What's new in fast-check 3.23.0?
The previous release introduced the unit
concept to the string arbitraries, enhancing control over string generation. In version 3.23.0, we’ve extended this feature to even more arbitraries, broadening its applicability. This update also includes several performance optimizations to make your testing faster and more efficient.
Continue reading to explore the detailed updates it brings.
Polyglot string
to the next level
Polyglot string was introduced in version 3.22.0 of fast-check, allowing for more diverse string generation. In this release, we've extended the unit option to several additional arbitraries:
anything
json
object
With this change, we recommend using the new stringUnit
constraint to specify the type of characters you'd like in generated JSONs, objects, and other structures. The new syntax is as follows:
fc.json({ stringUnit: 'grapheme' });
Dichotomic search in mapToConstant
The mapToConstant
arbitrary provides an easy-to-use API for generating values based on an index. Our documentation includes an example that shows how to create an arbitrary to generate characters from a
to z
and numbers from 0
to 9
:
fc.mapToConstant(
{ num: 26, build: (v) => String.fromCharCode(v + 0x61) },
{ num: 10, build: (v) => String.fromCharCode(v + 0x30) },
);
// Examples of generated values: "6", "8", "d", "9", "r"…

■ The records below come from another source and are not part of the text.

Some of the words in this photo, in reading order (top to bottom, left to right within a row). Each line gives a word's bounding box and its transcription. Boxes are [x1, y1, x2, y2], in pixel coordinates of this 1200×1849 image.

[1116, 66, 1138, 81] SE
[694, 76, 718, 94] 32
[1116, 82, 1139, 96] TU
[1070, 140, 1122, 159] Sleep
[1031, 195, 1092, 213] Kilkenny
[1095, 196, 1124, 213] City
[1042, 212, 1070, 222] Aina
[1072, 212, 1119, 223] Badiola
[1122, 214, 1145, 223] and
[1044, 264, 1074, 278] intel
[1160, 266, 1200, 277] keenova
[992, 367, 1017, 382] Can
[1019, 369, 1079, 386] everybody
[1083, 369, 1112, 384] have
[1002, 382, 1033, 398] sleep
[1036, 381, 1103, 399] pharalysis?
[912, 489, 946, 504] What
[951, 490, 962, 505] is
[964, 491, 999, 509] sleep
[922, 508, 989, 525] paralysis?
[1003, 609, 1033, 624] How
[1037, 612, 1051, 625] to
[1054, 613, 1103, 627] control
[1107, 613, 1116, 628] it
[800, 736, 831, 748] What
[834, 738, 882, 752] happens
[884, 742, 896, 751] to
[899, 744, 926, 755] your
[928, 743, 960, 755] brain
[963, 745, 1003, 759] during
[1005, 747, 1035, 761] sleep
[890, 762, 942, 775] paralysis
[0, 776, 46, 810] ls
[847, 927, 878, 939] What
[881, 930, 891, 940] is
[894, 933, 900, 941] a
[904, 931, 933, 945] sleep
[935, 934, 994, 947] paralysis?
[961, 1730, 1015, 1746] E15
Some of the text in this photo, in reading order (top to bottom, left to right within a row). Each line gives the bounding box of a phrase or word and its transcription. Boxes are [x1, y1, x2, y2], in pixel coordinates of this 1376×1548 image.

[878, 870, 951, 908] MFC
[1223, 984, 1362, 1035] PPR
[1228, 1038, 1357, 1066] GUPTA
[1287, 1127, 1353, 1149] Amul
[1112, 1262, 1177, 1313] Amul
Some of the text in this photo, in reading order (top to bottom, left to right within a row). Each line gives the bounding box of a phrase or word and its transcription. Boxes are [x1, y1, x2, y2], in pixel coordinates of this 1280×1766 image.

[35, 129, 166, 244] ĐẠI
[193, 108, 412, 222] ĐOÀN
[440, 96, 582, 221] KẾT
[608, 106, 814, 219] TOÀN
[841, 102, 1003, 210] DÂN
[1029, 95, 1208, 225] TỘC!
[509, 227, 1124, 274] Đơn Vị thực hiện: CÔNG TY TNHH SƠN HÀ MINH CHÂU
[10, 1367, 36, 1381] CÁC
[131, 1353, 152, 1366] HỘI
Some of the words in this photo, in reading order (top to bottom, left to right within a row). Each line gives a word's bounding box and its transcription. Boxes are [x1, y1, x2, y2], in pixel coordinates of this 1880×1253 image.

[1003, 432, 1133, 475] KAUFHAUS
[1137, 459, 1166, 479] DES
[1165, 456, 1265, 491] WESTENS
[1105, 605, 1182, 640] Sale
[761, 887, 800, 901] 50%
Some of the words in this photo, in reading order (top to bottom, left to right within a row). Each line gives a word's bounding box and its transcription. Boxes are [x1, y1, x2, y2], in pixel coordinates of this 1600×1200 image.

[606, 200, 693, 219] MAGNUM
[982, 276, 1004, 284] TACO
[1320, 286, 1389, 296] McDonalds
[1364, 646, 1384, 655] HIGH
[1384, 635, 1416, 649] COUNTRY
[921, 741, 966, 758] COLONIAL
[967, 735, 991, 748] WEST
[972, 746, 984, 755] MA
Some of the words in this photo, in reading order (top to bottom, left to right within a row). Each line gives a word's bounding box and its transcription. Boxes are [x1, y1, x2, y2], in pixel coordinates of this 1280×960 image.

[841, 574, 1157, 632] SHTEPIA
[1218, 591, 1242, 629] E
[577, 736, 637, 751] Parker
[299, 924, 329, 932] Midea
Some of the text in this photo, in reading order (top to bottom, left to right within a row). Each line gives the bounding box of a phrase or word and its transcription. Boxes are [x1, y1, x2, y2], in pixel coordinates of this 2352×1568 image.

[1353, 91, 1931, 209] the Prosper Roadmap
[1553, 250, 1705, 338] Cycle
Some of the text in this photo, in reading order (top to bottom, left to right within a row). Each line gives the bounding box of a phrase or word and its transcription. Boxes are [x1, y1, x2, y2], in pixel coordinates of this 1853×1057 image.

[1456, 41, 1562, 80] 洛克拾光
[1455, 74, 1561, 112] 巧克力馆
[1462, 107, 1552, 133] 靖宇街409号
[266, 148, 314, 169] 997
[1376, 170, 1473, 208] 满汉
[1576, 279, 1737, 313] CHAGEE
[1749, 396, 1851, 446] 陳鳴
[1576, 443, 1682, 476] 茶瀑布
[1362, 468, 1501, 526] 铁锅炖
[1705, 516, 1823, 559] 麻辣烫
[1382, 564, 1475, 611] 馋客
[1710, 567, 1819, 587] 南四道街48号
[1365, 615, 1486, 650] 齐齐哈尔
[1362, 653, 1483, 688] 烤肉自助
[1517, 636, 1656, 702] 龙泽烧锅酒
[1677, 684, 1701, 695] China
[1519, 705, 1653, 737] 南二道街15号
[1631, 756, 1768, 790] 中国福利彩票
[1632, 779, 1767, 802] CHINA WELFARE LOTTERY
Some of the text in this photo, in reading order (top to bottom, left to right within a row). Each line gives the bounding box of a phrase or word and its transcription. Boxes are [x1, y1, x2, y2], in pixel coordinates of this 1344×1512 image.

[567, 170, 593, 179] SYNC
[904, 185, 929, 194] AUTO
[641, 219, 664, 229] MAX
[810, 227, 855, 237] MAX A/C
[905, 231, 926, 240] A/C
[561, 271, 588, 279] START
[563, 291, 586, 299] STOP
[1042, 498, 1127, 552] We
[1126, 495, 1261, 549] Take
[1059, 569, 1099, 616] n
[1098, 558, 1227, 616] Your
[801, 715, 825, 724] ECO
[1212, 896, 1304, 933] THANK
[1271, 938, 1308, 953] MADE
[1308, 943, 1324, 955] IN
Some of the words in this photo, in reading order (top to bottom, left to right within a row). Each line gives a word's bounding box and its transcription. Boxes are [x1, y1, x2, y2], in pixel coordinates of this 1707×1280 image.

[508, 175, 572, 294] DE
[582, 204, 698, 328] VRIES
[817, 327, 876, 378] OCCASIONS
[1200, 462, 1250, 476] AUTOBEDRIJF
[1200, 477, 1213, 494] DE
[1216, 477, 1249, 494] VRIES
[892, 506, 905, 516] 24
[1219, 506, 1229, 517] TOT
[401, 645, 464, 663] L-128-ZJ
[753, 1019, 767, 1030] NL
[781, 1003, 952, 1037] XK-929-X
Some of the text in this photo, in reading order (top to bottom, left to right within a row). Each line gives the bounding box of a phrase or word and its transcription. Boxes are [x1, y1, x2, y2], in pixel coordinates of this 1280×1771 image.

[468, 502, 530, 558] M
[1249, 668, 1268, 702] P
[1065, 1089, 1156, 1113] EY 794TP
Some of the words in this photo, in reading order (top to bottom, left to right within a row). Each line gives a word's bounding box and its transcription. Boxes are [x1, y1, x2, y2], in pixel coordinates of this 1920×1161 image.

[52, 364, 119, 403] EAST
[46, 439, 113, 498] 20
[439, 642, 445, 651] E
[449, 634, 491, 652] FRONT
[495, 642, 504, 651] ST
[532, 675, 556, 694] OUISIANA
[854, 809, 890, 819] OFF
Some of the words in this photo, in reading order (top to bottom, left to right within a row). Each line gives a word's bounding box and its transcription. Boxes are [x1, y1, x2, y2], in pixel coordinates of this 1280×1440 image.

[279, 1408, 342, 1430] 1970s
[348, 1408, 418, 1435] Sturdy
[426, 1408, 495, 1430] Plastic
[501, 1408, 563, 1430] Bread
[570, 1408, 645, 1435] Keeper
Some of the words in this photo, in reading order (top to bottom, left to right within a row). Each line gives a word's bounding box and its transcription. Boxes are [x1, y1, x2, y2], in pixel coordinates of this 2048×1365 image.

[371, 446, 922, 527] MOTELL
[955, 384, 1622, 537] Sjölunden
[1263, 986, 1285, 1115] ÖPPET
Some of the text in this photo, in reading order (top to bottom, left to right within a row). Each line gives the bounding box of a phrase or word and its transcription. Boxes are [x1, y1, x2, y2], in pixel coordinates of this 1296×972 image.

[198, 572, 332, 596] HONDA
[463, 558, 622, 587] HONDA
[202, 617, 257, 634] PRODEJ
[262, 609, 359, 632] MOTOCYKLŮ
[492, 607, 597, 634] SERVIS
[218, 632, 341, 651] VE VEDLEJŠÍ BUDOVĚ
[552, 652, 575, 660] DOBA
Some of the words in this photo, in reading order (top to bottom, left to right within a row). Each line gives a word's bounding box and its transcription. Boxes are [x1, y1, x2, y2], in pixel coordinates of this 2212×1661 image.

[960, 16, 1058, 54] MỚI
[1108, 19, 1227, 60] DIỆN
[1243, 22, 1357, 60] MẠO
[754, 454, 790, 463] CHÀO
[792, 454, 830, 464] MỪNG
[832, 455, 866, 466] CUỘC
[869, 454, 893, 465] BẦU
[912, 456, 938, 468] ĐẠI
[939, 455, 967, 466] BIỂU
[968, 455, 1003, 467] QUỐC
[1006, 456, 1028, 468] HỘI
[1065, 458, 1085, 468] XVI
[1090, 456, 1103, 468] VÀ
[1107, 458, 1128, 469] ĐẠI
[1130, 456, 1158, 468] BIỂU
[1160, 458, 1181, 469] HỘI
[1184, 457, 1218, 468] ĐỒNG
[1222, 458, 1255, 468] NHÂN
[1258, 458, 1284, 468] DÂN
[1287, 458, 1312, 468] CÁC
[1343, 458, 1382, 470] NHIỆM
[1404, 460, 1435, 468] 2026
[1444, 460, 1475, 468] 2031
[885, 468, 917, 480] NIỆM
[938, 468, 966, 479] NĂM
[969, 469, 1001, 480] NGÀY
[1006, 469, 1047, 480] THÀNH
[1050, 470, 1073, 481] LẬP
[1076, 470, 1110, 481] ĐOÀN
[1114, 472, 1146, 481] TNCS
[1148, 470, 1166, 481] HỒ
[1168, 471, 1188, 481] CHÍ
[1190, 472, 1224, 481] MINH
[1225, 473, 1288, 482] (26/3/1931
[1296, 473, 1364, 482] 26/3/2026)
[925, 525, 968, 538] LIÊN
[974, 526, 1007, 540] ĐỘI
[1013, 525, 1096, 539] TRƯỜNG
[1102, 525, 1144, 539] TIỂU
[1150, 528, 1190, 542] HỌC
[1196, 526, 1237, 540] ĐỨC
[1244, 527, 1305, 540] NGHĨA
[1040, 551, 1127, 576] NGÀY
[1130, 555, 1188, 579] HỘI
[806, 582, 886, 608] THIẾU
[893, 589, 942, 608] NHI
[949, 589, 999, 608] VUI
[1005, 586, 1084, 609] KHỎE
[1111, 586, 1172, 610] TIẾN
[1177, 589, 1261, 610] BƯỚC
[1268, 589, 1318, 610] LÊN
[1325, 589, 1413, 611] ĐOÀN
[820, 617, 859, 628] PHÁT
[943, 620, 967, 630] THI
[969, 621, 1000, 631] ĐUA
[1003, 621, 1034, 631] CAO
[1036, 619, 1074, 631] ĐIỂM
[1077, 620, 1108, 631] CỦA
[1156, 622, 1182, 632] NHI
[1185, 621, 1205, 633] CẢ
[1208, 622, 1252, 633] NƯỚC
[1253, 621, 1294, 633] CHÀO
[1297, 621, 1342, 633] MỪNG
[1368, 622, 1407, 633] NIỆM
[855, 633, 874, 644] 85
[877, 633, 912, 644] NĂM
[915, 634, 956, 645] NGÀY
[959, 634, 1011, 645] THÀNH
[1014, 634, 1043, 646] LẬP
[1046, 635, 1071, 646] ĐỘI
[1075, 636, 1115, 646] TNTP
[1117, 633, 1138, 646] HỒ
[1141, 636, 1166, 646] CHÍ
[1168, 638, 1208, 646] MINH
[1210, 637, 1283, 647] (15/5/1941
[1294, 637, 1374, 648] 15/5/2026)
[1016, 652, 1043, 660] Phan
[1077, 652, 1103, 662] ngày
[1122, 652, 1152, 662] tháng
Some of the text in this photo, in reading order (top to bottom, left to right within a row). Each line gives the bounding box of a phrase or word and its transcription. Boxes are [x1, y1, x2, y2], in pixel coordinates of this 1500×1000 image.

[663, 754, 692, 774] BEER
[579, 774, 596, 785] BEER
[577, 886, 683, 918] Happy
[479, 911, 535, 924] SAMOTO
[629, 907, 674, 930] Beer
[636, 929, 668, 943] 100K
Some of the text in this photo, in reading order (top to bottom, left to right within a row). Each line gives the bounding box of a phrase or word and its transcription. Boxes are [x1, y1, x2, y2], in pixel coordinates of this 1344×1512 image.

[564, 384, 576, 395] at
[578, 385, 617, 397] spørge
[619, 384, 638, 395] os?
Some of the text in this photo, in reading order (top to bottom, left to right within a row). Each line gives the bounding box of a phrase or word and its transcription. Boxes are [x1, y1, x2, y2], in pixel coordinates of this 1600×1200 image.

This arbitrary is actually more central to the library than it might seem at first glance. It’s a core building block backing the string
arbitrary and playing a crucial role in the codebase. Given its importance, maximizing its efficiency is essential.
When benchmarking different variations of string
with various unit
values, we noticed a significant performance disparity: the grapheme
unit was significantly slower than the grapheme-ascii
unit. We traced this slowdown to a linear search within the mapToConstant
implementation, where each call to generate
involved looking up the right build
function. Initially, our code looked something like this:
function buildForChoiceIndex(choiceIndex: number) {
let idx = -1;
let numSkips = 0;
while (choiceIndex >= numSkips) {
numSkips += entries[++idx].num;
}
return entries[idx].build(choiceIndex - numSkips + entries[idx].num);
}
Unfortunately, this approach has poor performance due to its linear complexity. For small entries arrays (like in our example with just two entries), the impact is minimal. However, for larger entries arrays (as with grapheme
), this linear complexity results in significant slowdowns, as each lookup’s average time increases in proportion to the number of entries.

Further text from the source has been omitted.